For every entry, reproduce the wording exactly and omit any image it holds.

### Stored data

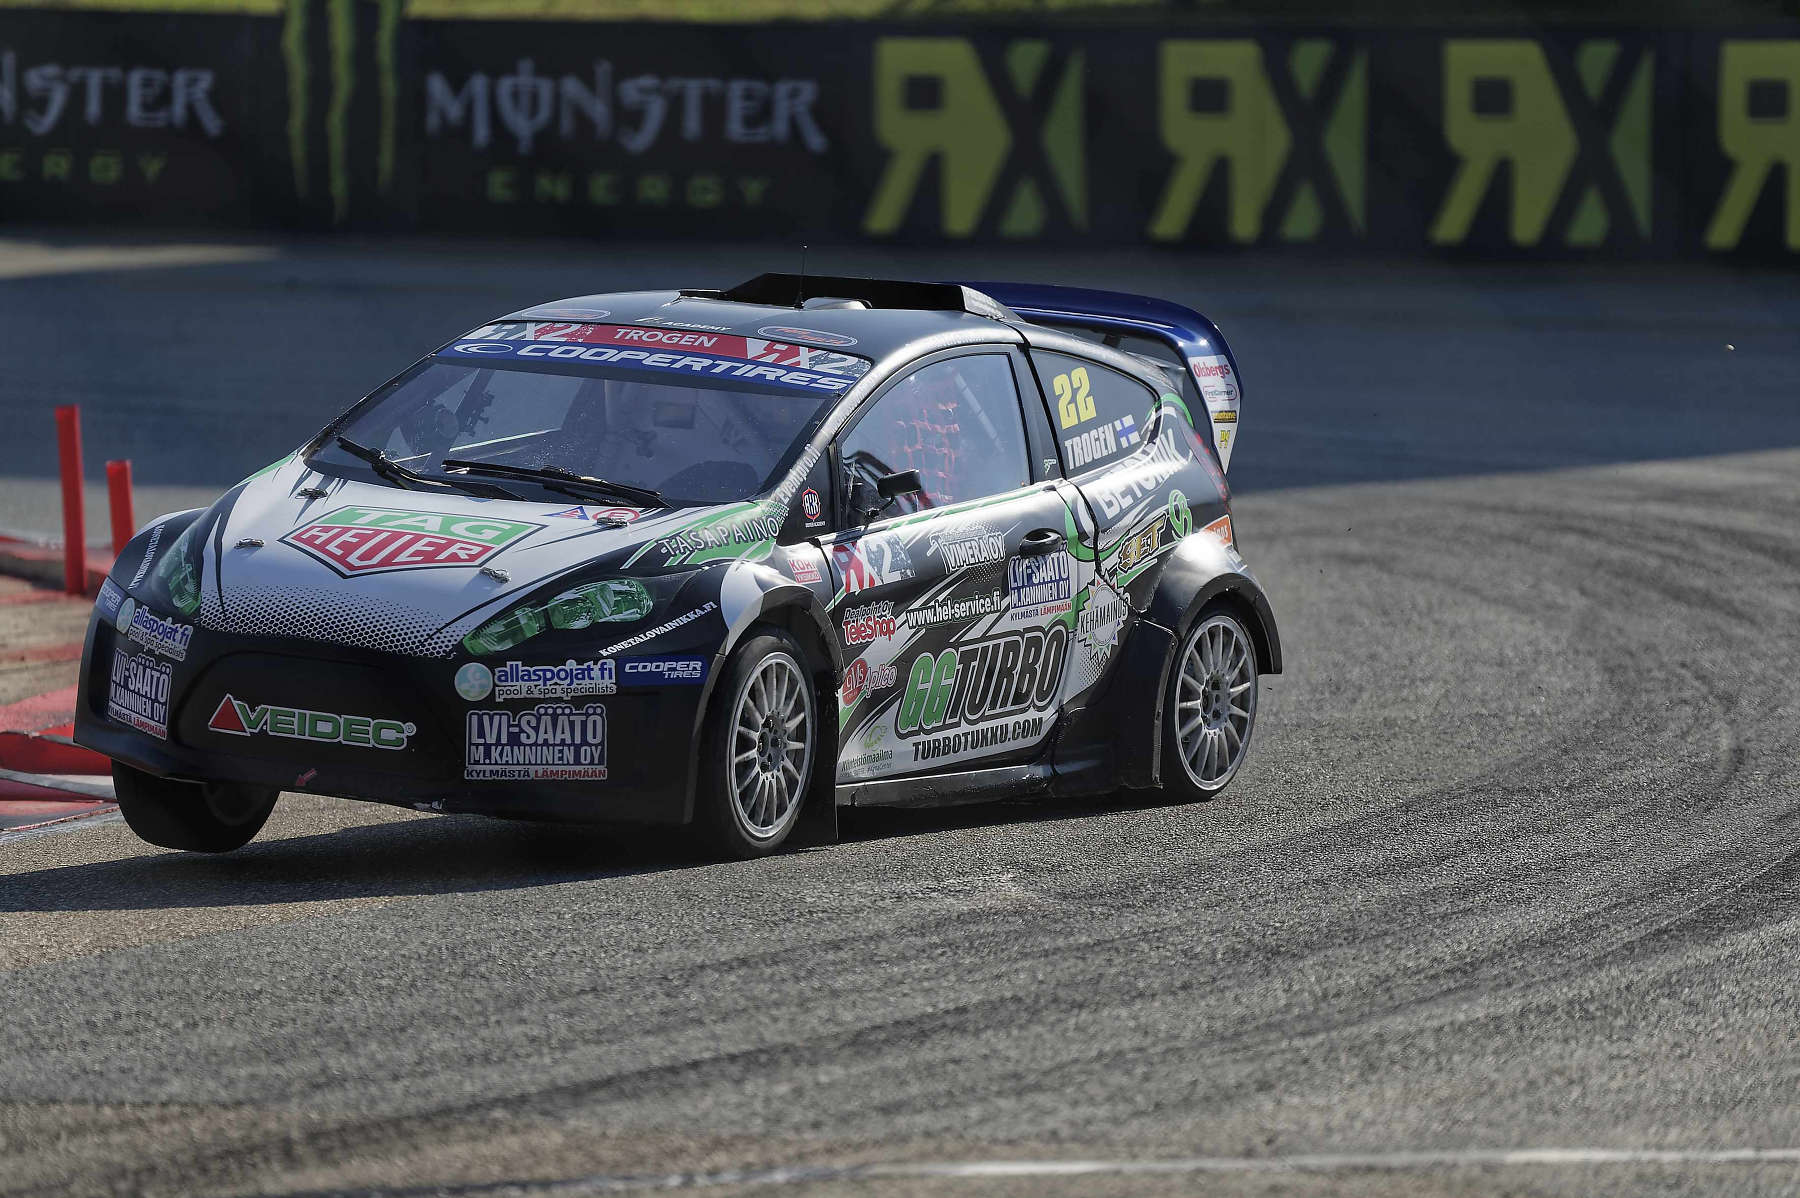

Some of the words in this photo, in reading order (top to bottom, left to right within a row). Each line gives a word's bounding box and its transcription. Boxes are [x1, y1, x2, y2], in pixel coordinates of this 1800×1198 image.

[0, 48, 225, 137] STER
[425, 57, 828, 154] MONSTER
[1704, 40, 1800, 250] R
[0, 152, 168, 183] ERGY
[487, 169, 771, 206] ENERGY
[613, 328, 719, 348] TROGEN
[1193, 361, 1231, 379] Olsbergs
[1053, 366, 1097, 430] 22
[1064, 423, 1117, 471] TROGEN
[351, 510, 513, 540] TAG
[661, 518, 780, 557] TASAPAINO
[301, 527, 483, 567] HEUER
[944, 537, 987, 568] VIMERA
[987, 534, 1005, 560] OY
[844, 601, 883, 620] Dealpoint
[882, 601, 894, 617] Oy
[906, 592, 1000, 628] www.hel-service.fi
[1011, 583, 1057, 608] M.KANNINEN
[1059, 581, 1070, 599] OY
[599, 601, 718, 657] KONETALOVAINIKKA.FI
[843, 616, 897, 644] TeleShop
[1011, 610, 1040, 621] KYLMÄSTÄ
[1080, 598, 1128, 635] KEHÄMAINOS
[625, 661, 702, 673] COOPER
[662, 671, 702, 679] TIRES
[862, 663, 898, 698] Aplico
[900, 629, 1064, 731] GGTURBO
[498, 685, 522, 698] pool
[526, 686, 534, 695] &
[538, 686, 557, 698] spa
[560, 684, 614, 697] specialists
[153, 702, 167, 723] OY
[235, 701, 405, 748] VEIDEC
[471, 706, 603, 744] LVI-SÄÄTÖ
[470, 745, 574, 765] M.KANNINEN
[580, 745, 602, 765] OY
[913, 717, 1043, 762] TURBOTUKKU.COM
[466, 767, 530, 779] KYLMÄSTÄ
[534, 766, 607, 779] LÄMPIMÄÄN

######

Solution to this problem:
Some of the words in this photo, in reading order (top to bottom, left to right within a row). Each line gives a word's bounding box and its transcription. Boxes are [x1, y1, x2, y2], in pixel coordinates of this 1800×1198 image.

[0, 48, 225, 137] STER
[425, 57, 828, 154] MONSTER
[1704, 40, 1800, 250] R
[0, 152, 168, 183] ERGY
[487, 169, 771, 206] ENERGY
[613, 328, 719, 348] TROGEN
[1193, 361, 1231, 379] Olsbergs
[1053, 366, 1097, 430] 22
[1064, 423, 1117, 471] TROGEN
[351, 510, 513, 540] TAG
[661, 518, 780, 557] TASAPAINO
[301, 527, 483, 567] HEUER
[944, 537, 987, 568] VIMERA
[987, 534, 1005, 560] OY
[844, 601, 883, 620] Dealpoint
[882, 601, 894, 617] Oy
[906, 592, 1000, 628] www.hel-service.fi
[1011, 583, 1057, 608] M.KANNINEN
[1059, 581, 1070, 599] OY
[599, 601, 718, 657] KONETALOVAINIKKA.FI
[843, 616, 897, 644] TeleShop
[1011, 610, 1040, 621] KYLMÄSTÄ
[1080, 598, 1128, 635] KEHÄMAINOS
[625, 661, 702, 673] COOPER
[662, 671, 702, 679] TIRES
[862, 663, 898, 698] Aplico
[900, 629, 1064, 731] GGTURBO
[498, 685, 522, 698] pool
[526, 686, 534, 695] &
[538, 686, 557, 698] spa
[560, 684, 614, 697] specialists
[153, 702, 167, 723] OY
[235, 701, 405, 748] VEIDEC
[471, 706, 603, 744] LVI-SÄÄTÖ
[470, 745, 574, 765] M.KANNINEN
[580, 745, 602, 765] OY
[913, 717, 1043, 762] TURBOTUKKU.COM
[466, 767, 530, 779] KYLMÄSTÄ
[534, 766, 607, 779] LÄMPIMÄÄN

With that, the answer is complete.